-------- Extracted data
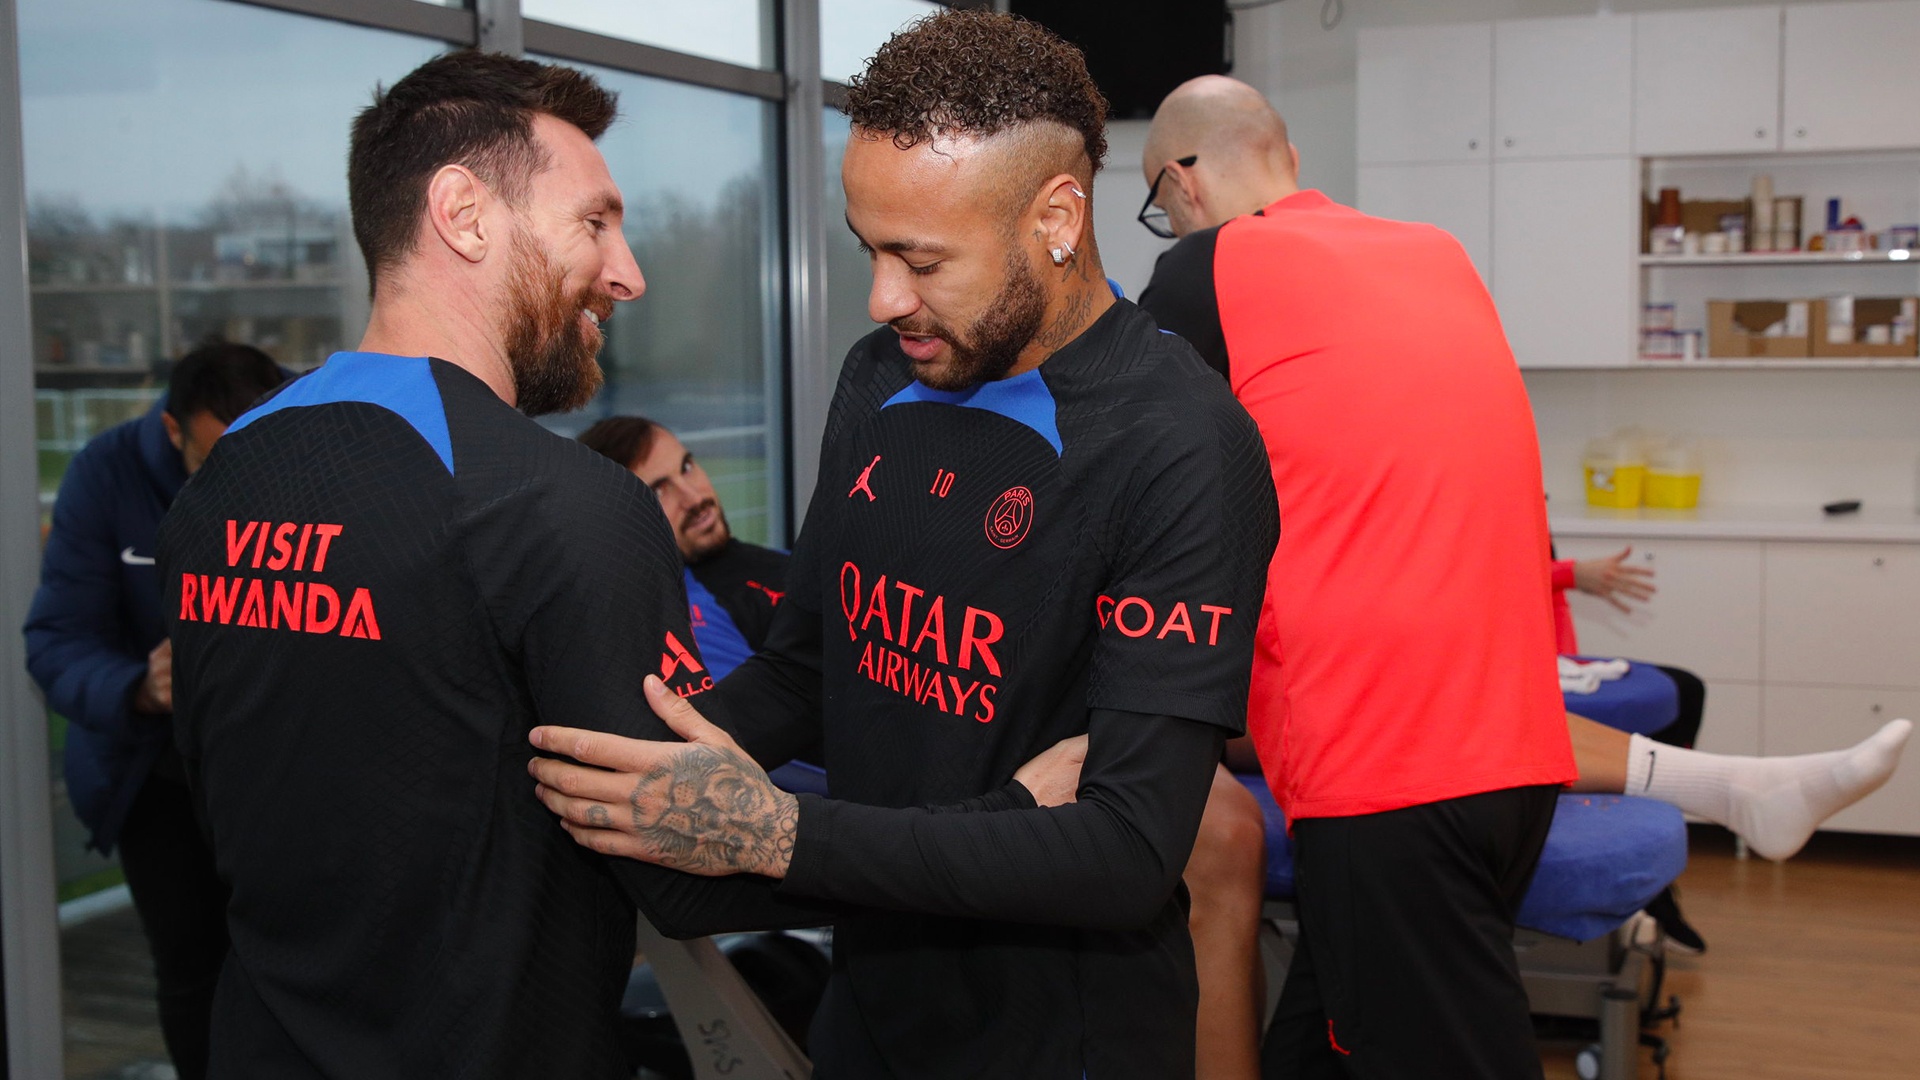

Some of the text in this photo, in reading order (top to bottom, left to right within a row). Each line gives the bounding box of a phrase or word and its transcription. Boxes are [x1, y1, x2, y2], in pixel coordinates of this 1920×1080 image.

[929, 468, 956, 498] 10
[1004, 489, 1030, 507] PARIS
[226, 519, 344, 572] VISIT
[179, 571, 382, 641] RWANDA
[840, 561, 1005, 678] QATAR
[1096, 594, 1233, 646] GOAT
[676, 676, 715, 698] LL.C
[857, 640, 998, 724] AIRWAYS
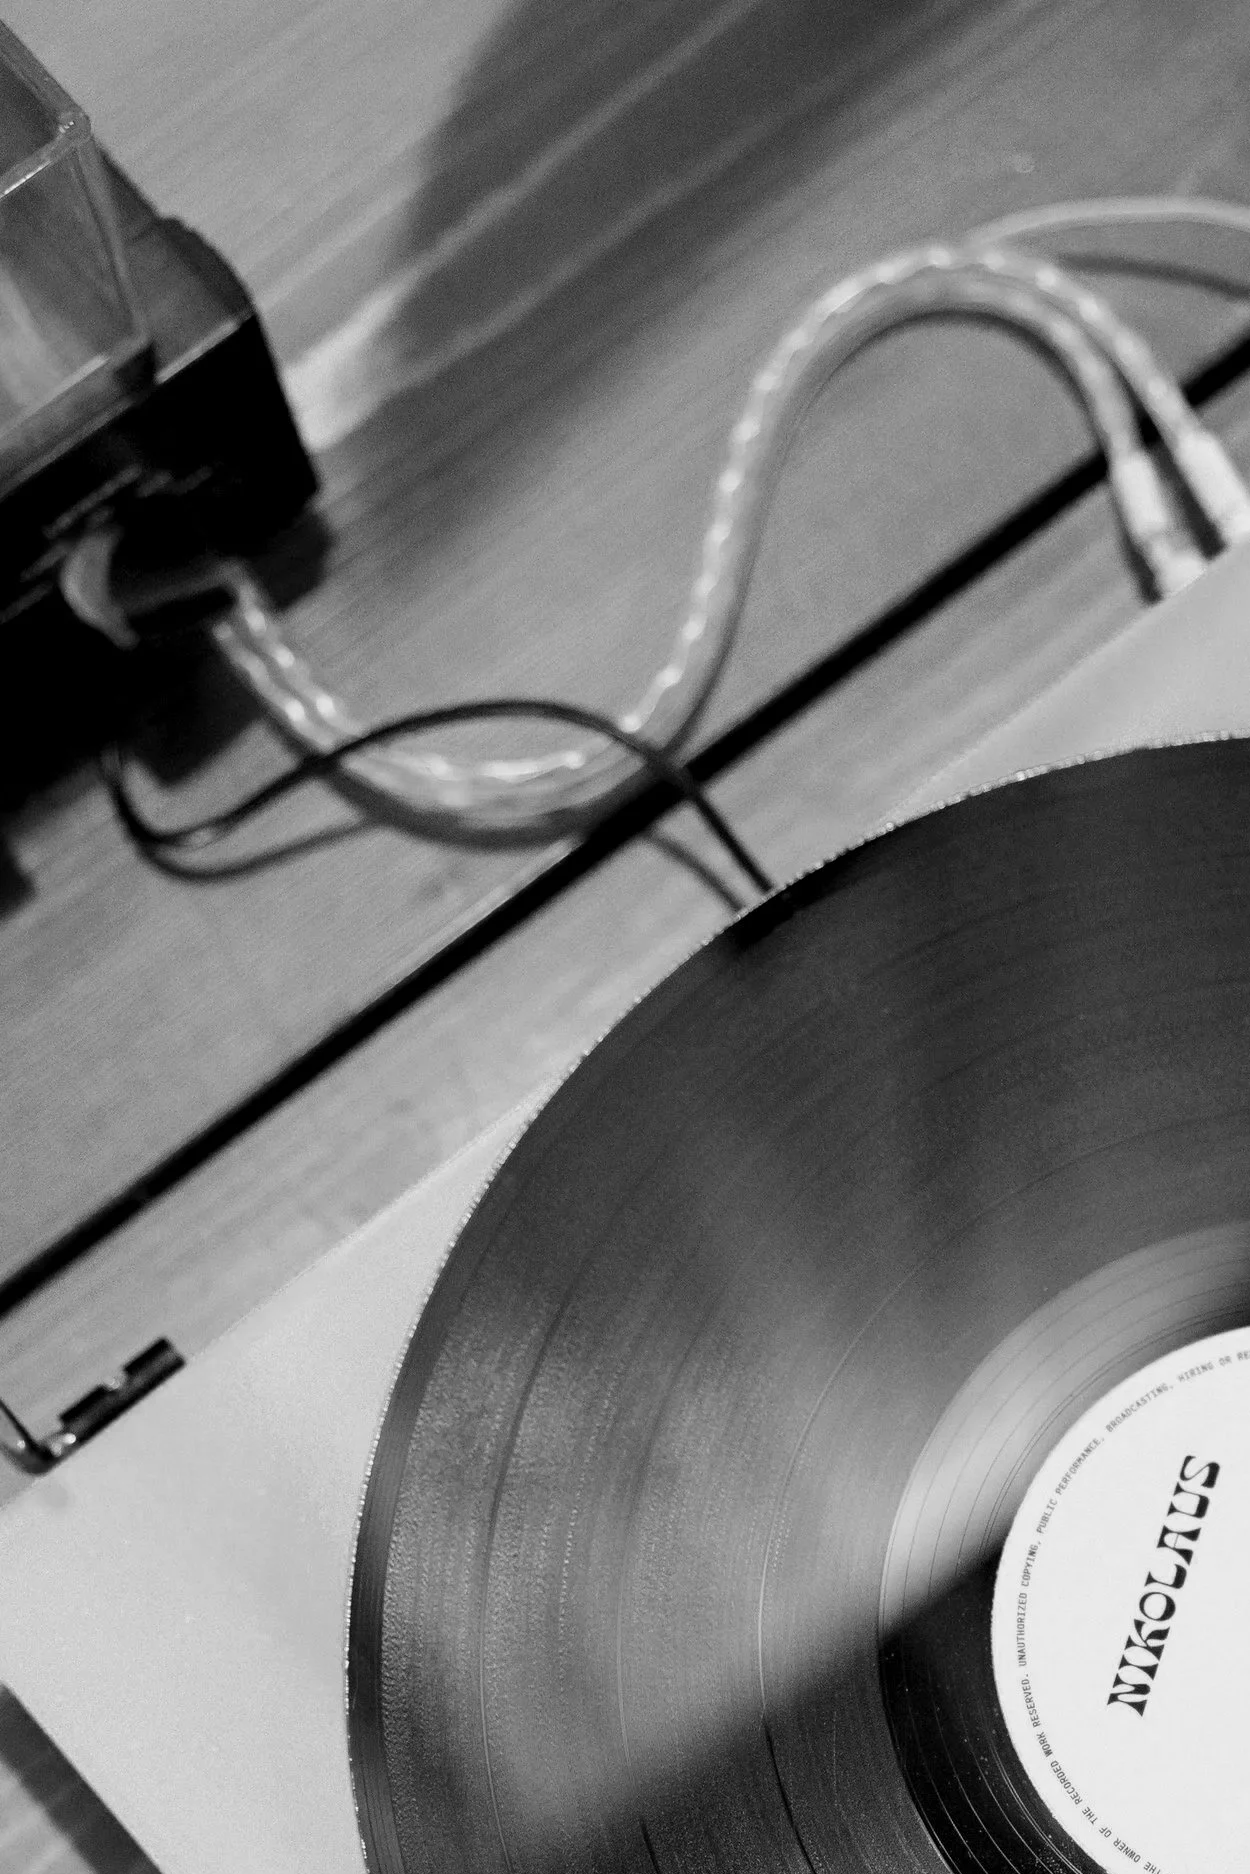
----------------
Goal of the exercise =
Retype the entries word for word. Omit any images.

Result of this task =
Some of the text in this photo, in reading order (top to bottom, left to right within a row). Each line gives the bounding box of a phrase or word and its transcription. Boxes are [x1, y1, x2, y2], in pixel coordinates of this 1920×1080 image.

[929, 468, 956, 498] 10
[1004, 489, 1030, 507] PARIS
[226, 519, 344, 572] VISIT
[179, 571, 382, 641] RWANDA
[840, 561, 1005, 678] QATAR
[1096, 594, 1233, 646] GOAT
[676, 676, 715, 698] LL.C
[857, 640, 998, 724] AIRWAYS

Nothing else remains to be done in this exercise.